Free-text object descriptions
──────

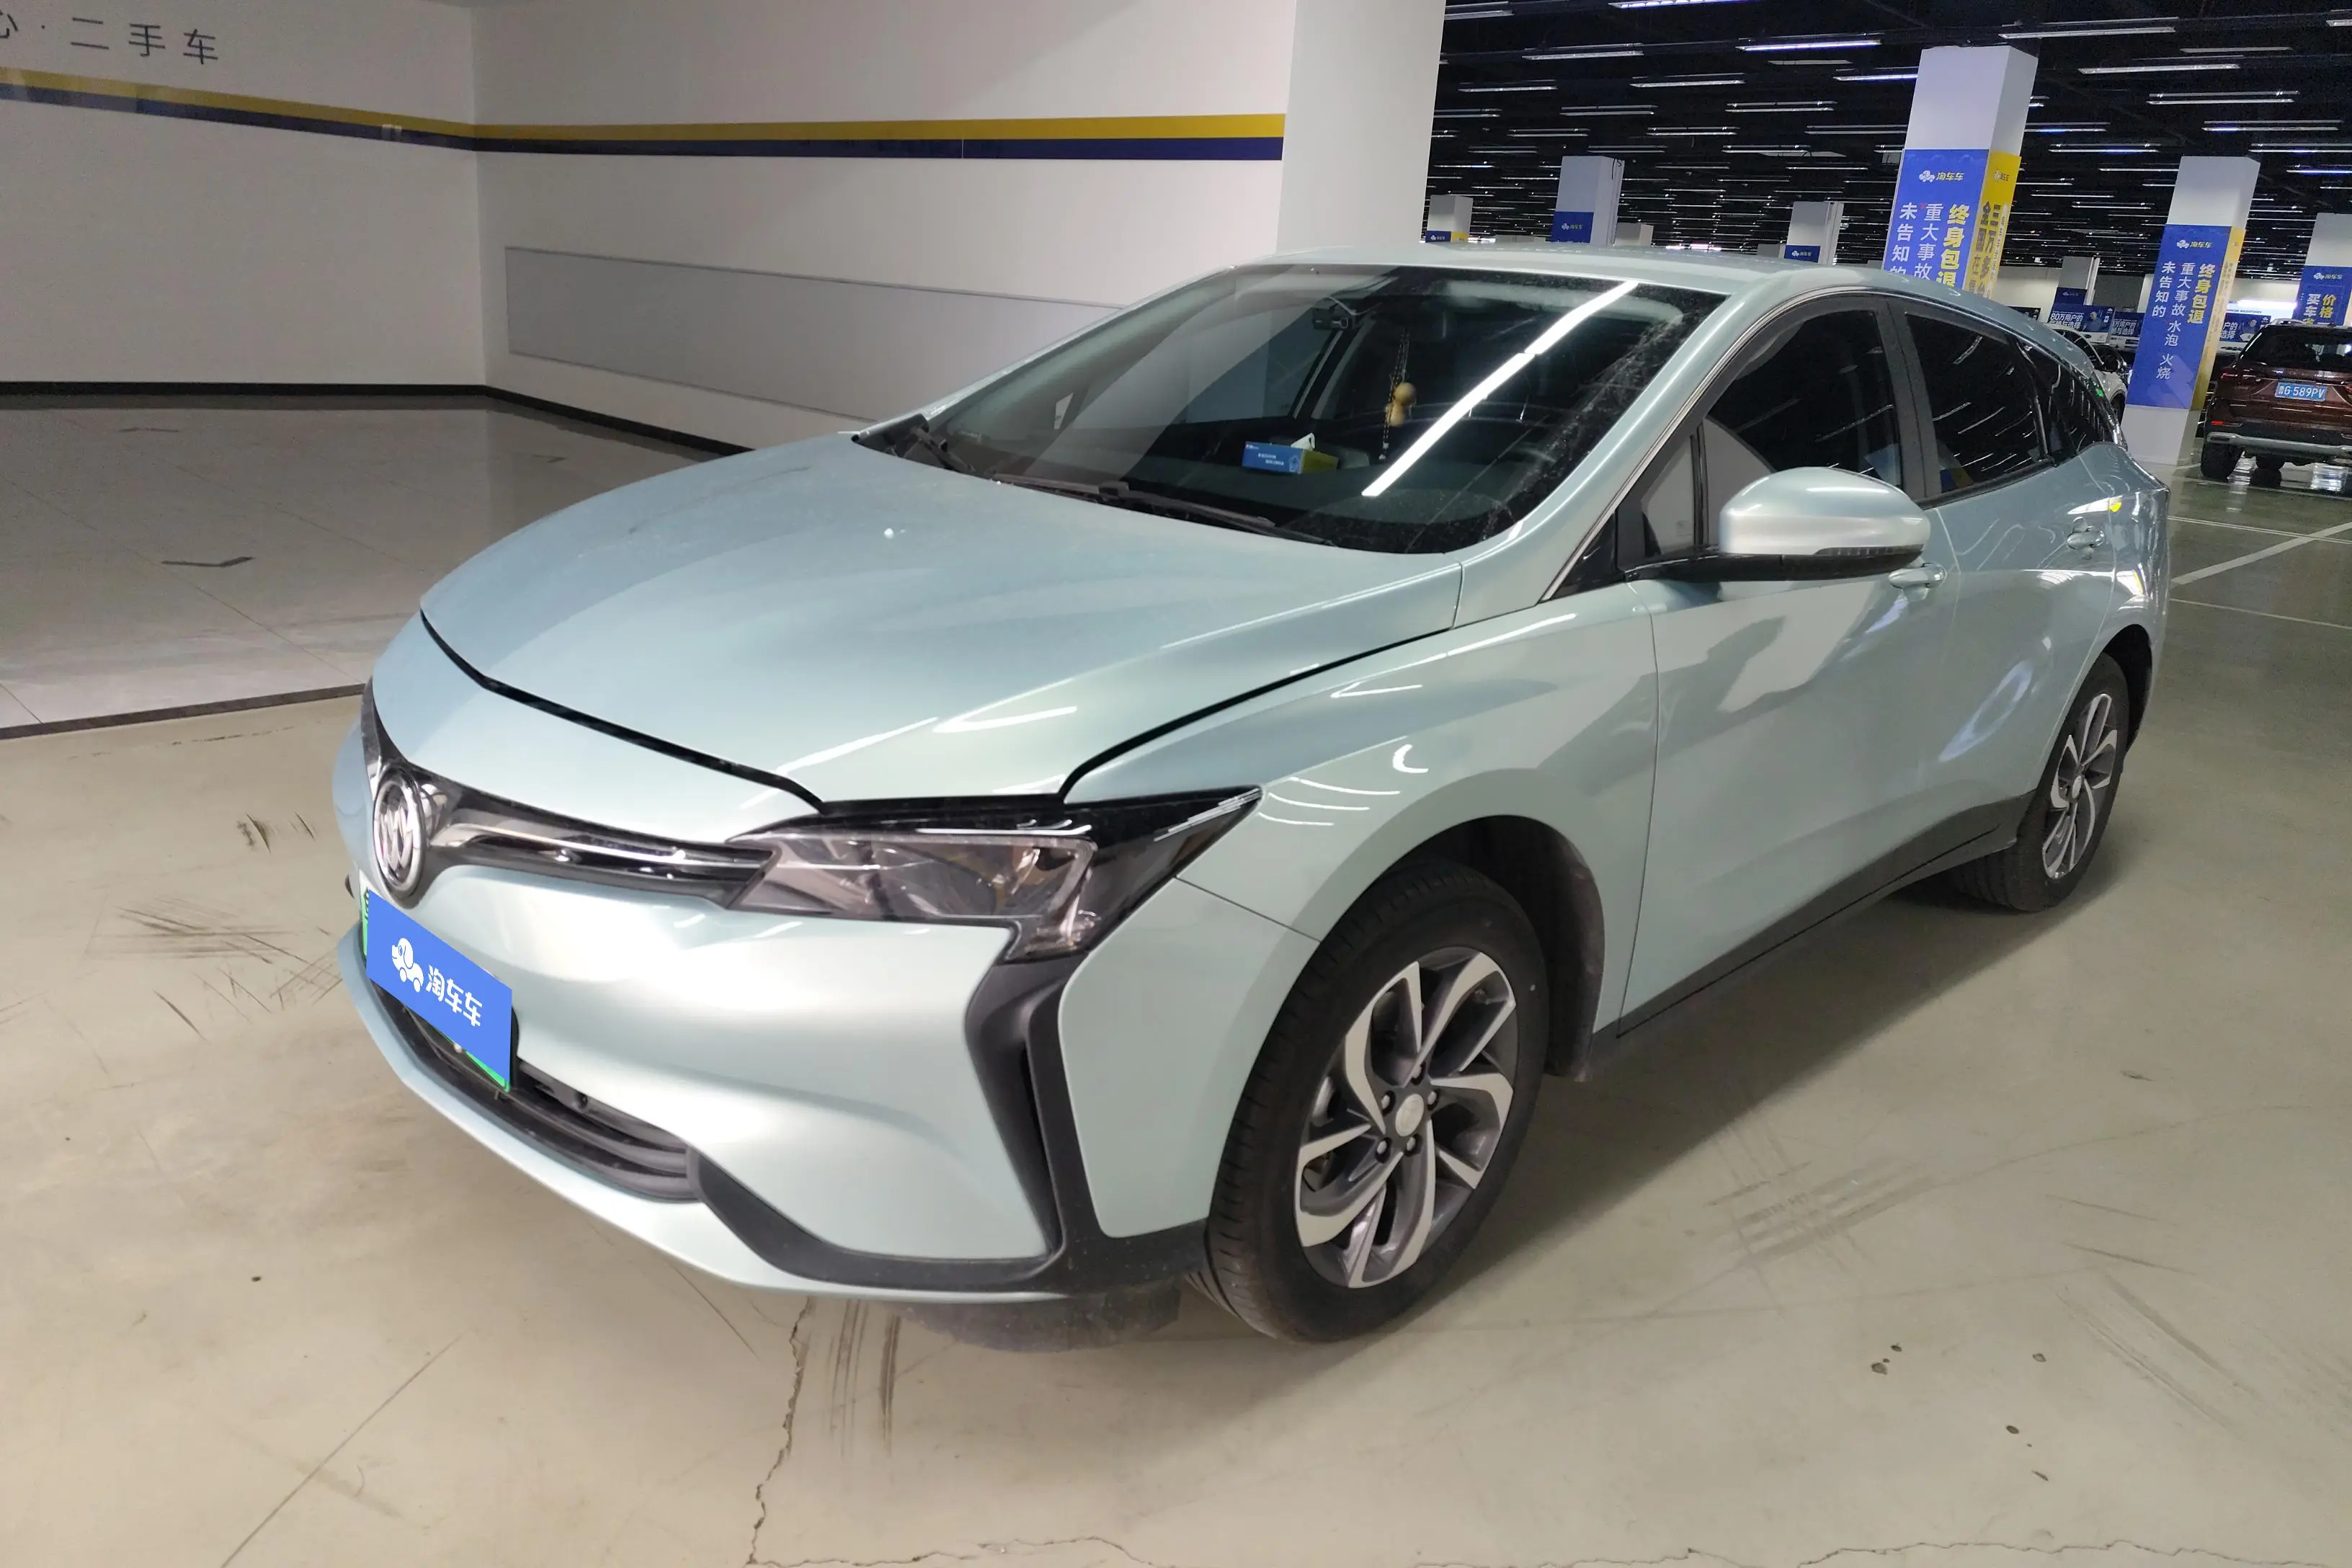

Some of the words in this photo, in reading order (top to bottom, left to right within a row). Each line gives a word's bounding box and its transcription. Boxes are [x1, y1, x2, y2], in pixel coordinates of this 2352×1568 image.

[1936, 172, 1964, 181] 淘车车
[1914, 203, 1943, 280] 重大事故
[1936, 203, 1970, 288] 终身包退
[2152, 261, 2176, 318] 未告知的
[2171, 262, 2196, 316] 重大事故
[2187, 263, 2216, 324] 终身包退
[2320, 294, 2337, 318] 价格
[2050, 313, 2083, 322] 80万用户的
[2165, 321, 2181, 347] 水泡
[2155, 353, 2174, 380] 火烧
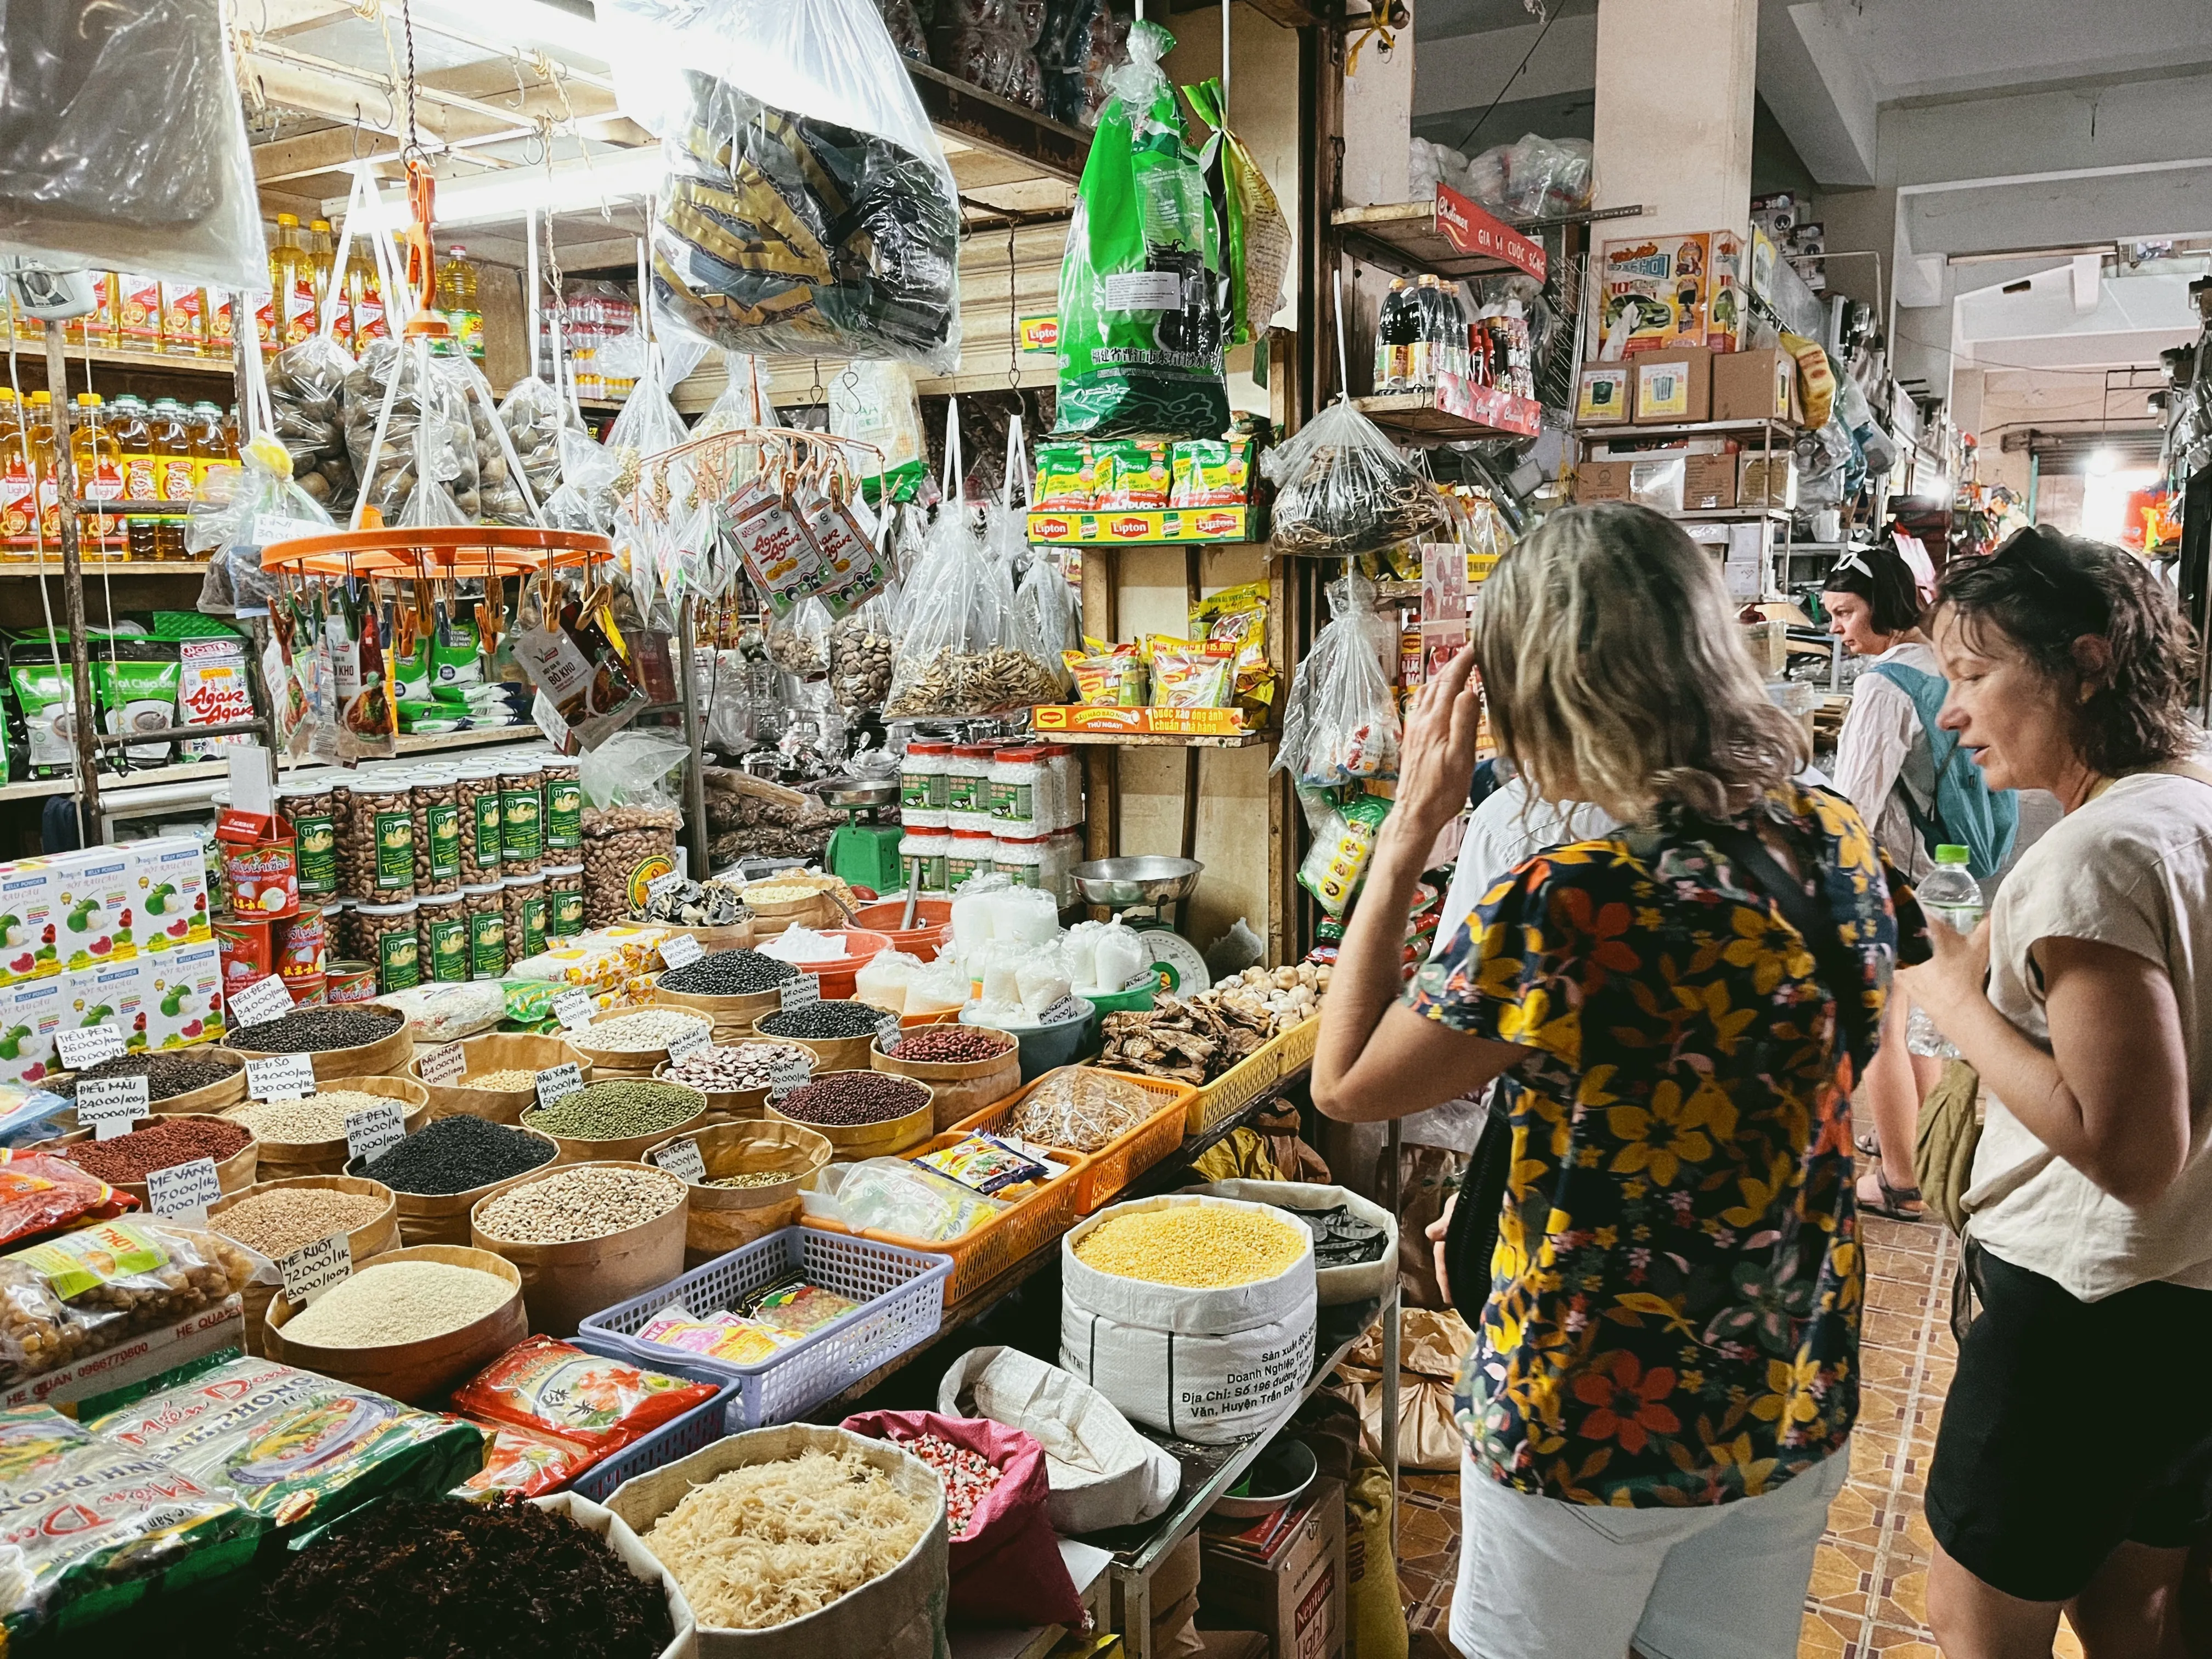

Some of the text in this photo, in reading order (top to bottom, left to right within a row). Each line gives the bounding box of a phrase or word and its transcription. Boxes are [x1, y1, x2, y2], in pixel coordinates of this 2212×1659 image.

[1479, 229, 1491, 247] GIA
[1034, 523, 1066, 535] Lipton
[1112, 523, 1147, 536] Lipton
[1197, 518, 1235, 531] Lipton
[752, 526, 789, 555] Agar
[760, 533, 802, 565] Agar
[338, 665, 354, 676] KHO
[561, 661, 576, 679] KHO
[185, 686, 245, 714] Agar
[188, 704, 254, 726] Agar
[1153, 708, 1223, 722] bước xào óng ánh
[1154, 720, 1217, 733] chuẩn nhà hàng
[176, 851, 197, 859] POWDER
[101, 865, 123, 873] POWDER
[4, 878, 44, 890] JELLY POWDER
[193, 952, 213, 960] POWDER
[115, 969, 138, 978] POWDER
[32, 989, 56, 997] POWDER
[176, 1322, 194, 1339] HE
[1262, 1351, 1280, 1363] Sản
[1227, 1368, 1262, 1384] Doanh
[1265, 1358, 1295, 1375] Nghiệp
[1182, 1368, 1297, 1406] Địa Chỉ: Số 196 đường
[6, 1389, 27, 1406] HE
[1191, 1390, 1282, 1418] Văn, Huyện Trần
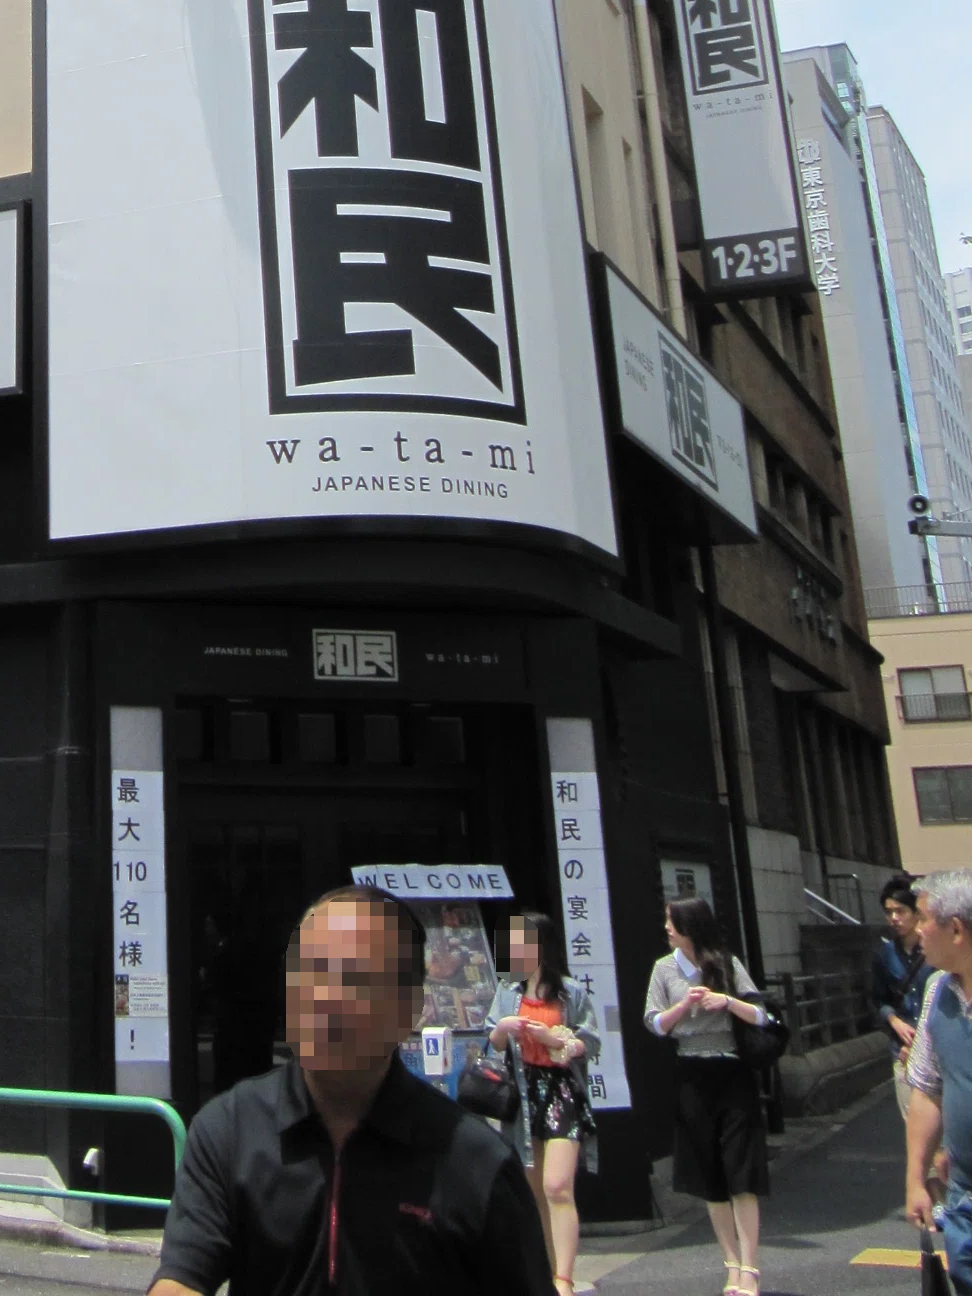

──────

• _Work order_
Return the records word for word, leaving every picture out of the copy.

• _Task answer_
Some of the words in this photo, in reading order (top to bottom, left to right within a row). Each line gives a word's bounding box and its transcription. Boxes are [x1, y1, x2, y2], in pixel coordinates of this 2352×1568 image.

[1936, 172, 1964, 181] 淘车车
[1914, 203, 1943, 280] 重大事故
[1936, 203, 1970, 288] 终身包退
[2152, 261, 2176, 318] 未告知的
[2171, 262, 2196, 316] 重大事故
[2187, 263, 2216, 324] 终身包退
[2320, 294, 2337, 318] 价格
[2050, 313, 2083, 322] 80万用户的
[2165, 321, 2181, 347] 水泡
[2155, 353, 2174, 380] 火烧

Some of the text in this photo, in reading order (top to bottom, left to right within a row). Each line gives the bounding box of a phrase or word and its transcription. Boxes are [x1, y1, x2, y2], in pixel coordinates of this 2212×1659 image.

[1479, 229, 1491, 247] GIA
[1034, 523, 1066, 535] Lipton
[1112, 523, 1147, 536] Lipton
[1197, 518, 1235, 531] Lipton
[752, 526, 789, 555] Agar
[760, 533, 802, 565] Agar
[338, 665, 354, 676] KHO
[561, 661, 576, 679] KHO
[185, 686, 245, 714] Agar
[188, 704, 254, 726] Agar
[1153, 708, 1223, 722] bước xào óng ánh
[1154, 720, 1217, 733] chuẩn nhà hàng
[176, 851, 197, 859] POWDER
[101, 865, 123, 873] POWDER
[4, 878, 44, 890] JELLY POWDER
[193, 952, 213, 960] POWDER
[115, 969, 138, 978] POWDER
[32, 989, 56, 997] POWDER
[176, 1322, 194, 1339] HE
[1262, 1351, 1280, 1363] Sản
[1227, 1368, 1262, 1384] Doanh
[1265, 1358, 1295, 1375] Nghiệp
[1182, 1368, 1297, 1406] Địa Chỉ: Số 196 đường
[6, 1389, 27, 1406] HE
[1191, 1390, 1282, 1418] Văn, Huyện Trần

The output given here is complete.